Атомный размер алюминия меньше, чем у натрия и магния, и больше, чем у кремния, фосфора, серы и хлора. Потенциал ионизации алюминия больше, чем у натрия и магния, и меньше, чем у кремния, фосфора, серы и хлора. Электроотрицательность алюминия больше, чем у натрия и магния, и меньше, чем у кремния, фосфора, серы и хлора. Таким образом, в гидроксиде алюминия связи Al — O и O — H имеют одинаковую прочность. Следовательно, разрыв связи зависит от атакующего реагента.Следовательно, гидроксид алюминия является амфотерным соединением.

Ортокремниевая кислота Si (OH) ₄ очень слабая кислота.

Электроотрицательность кремния 1,8 ед. Потенциал ионизации кремния выше, чем у алюминия.

Si — O — ковалентная связь с ионным характером. Следовательно, связь Si-O является прочной. Атом кислорода притягивает к себе общий электрон в связи O — H, и при делении образует ионы H ⁺ . Однако связь O-H не разрывается в воде.

Ортокремниевая кислота реагирует с сильной щелочью при нагревании.

H ₄ SiO ₄ + 2 NaOH → Na ₂ Si ₃ + 3 H ₂ O

Гидроксисоединения фосфора, серы и хлора являются кислыми.

Фосфор, сера и хлор — это неметаллы с меньшим размером атома, высоким зарядом ядра, высоким потенциалом ионизации и высокой электроотрицательностью. Эти элементы очень мало или практически не имеют тенденции отдавать электрон кислороду.

Таким образом, в структуре M — O — H кислород пытается притягивать к себе пару электронов между O — H. Это высвобождает ионы H ⁺ в водном растворе.

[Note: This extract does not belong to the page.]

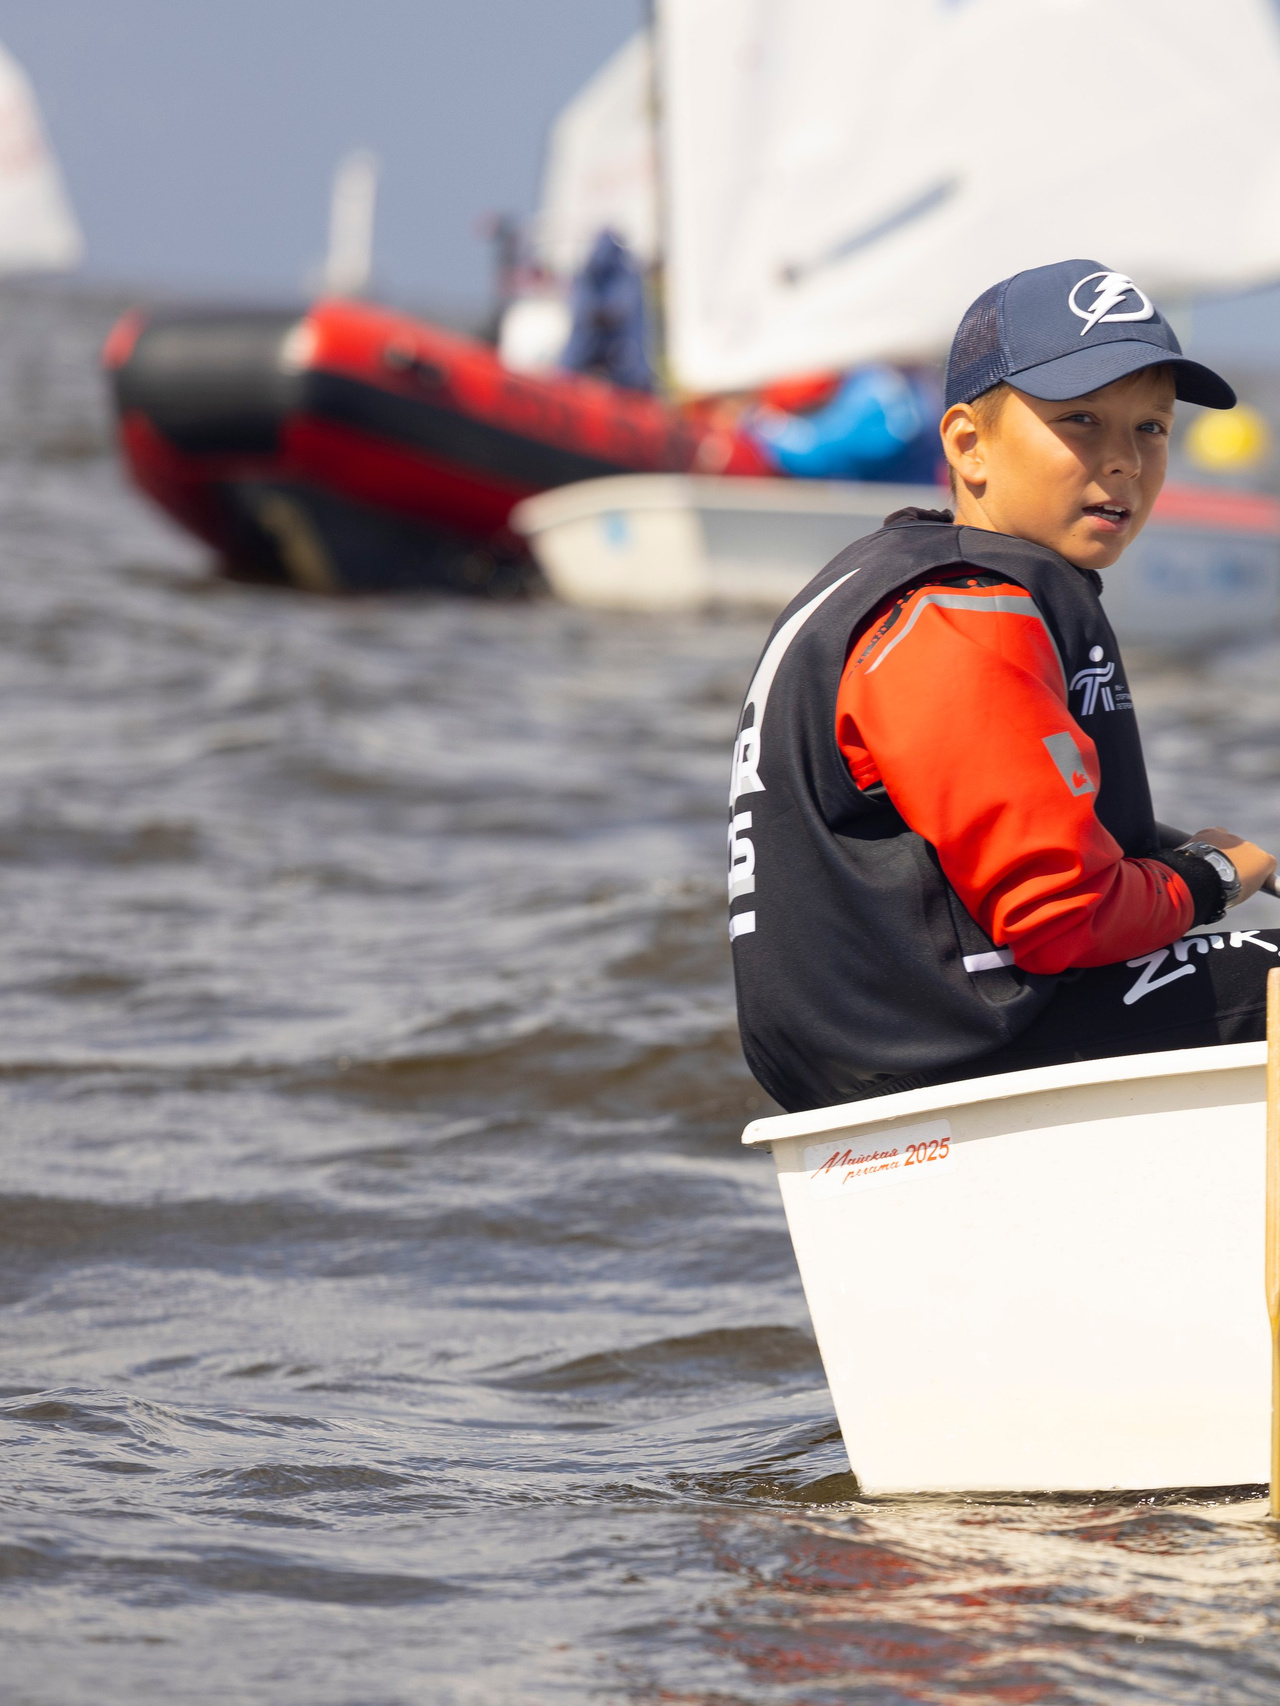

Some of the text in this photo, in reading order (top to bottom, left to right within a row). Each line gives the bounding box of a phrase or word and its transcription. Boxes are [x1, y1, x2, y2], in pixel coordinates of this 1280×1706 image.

[810, 1137, 951, 1179] Майская 2025
[842, 1161, 900, 1185] регата
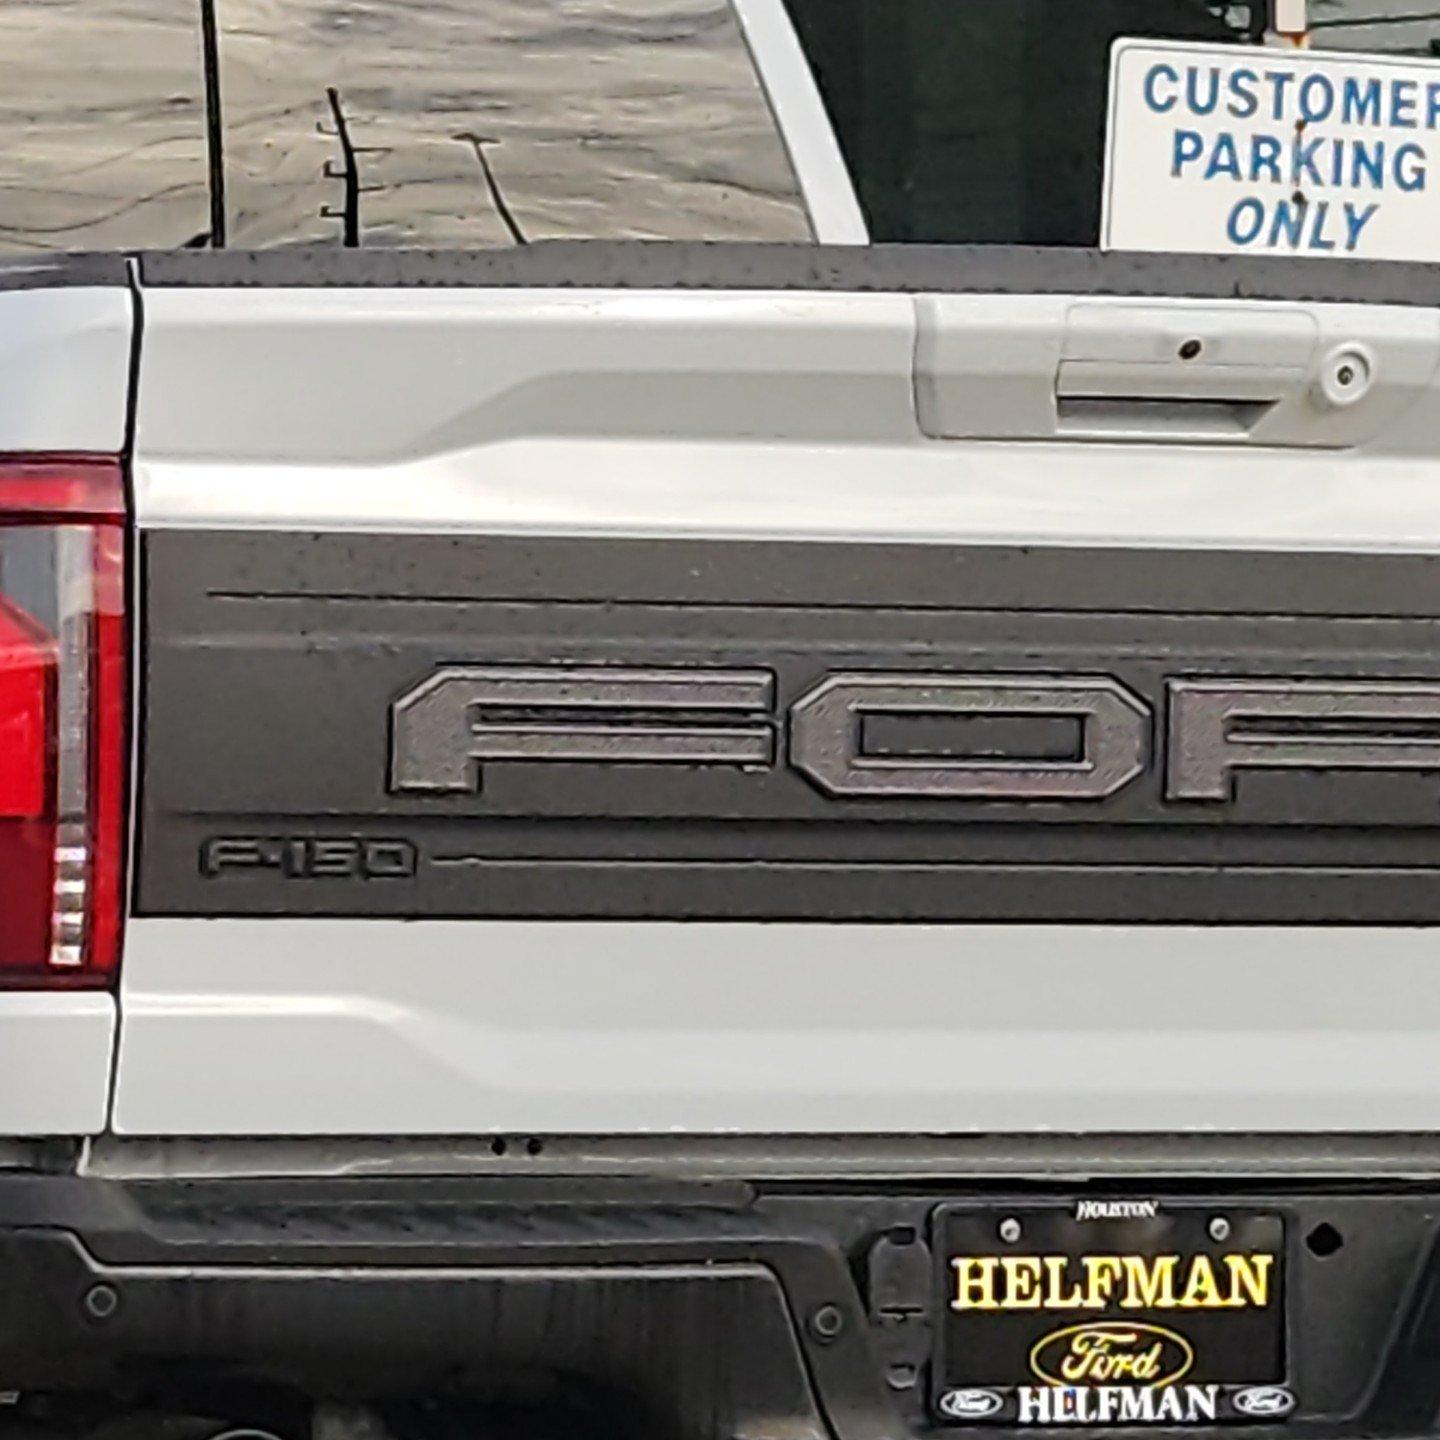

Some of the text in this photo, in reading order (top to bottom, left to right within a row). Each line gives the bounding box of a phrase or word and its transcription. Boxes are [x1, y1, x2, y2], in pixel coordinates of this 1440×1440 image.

Структуры гидроксисоединений фосфора или оксикислот фосфора:

Фосфорная кислота (P (OH) ₃ OR H ₃ PO ₃ ) и фосфорная кислота (PO (OH) ₃ OR (H ₃ PO ₄ )

H ₃ PO ₃ + 2 NaOH → Na ₂ HPO ₃ + 2 H ₂ O

H ₃ PO ₄ + 3 NaOH → Na ₃ PO ₄ + 3 H ₂ O

Фосфорная кислота имеет негидрированный атом кислорода, поэтому связь O-H легко разрывается.Следовательно, фосфорная кислота сильнее фосфористой кислоты.

Структуры гидроксисоединений серы или оксикислот серы:

Серная кислота SO (OH) ₂ OR (H ₂ SO ₃ ) и серная кислота SO ₂ (OH) ₂ OR (H ₂ SO ₄ )

H ₂ SO ₃ + 2 NaOH → Na ₂ SO ₃ + 2 H ₂ O

H ₂ SO ₄ + 2 NaOH → Na ₂ SO ₄ + 2 H ₂ O

Эти оксикислоты серы обладают сильной кислотностью из-за большей IP серы.Серная кислота имеет два негидрированных атома кислорода, тогда как в серной кислоте есть один негидрированный атом кислорода, следовательно, серная кислота сильнее серной кислоты.

”Большой номер окисления. Больше кислой природы ». В H ₂ SO ₄ номер окисления. центрального атома Сера составляет +6, а в H ₂ SO ₃ составляет +4.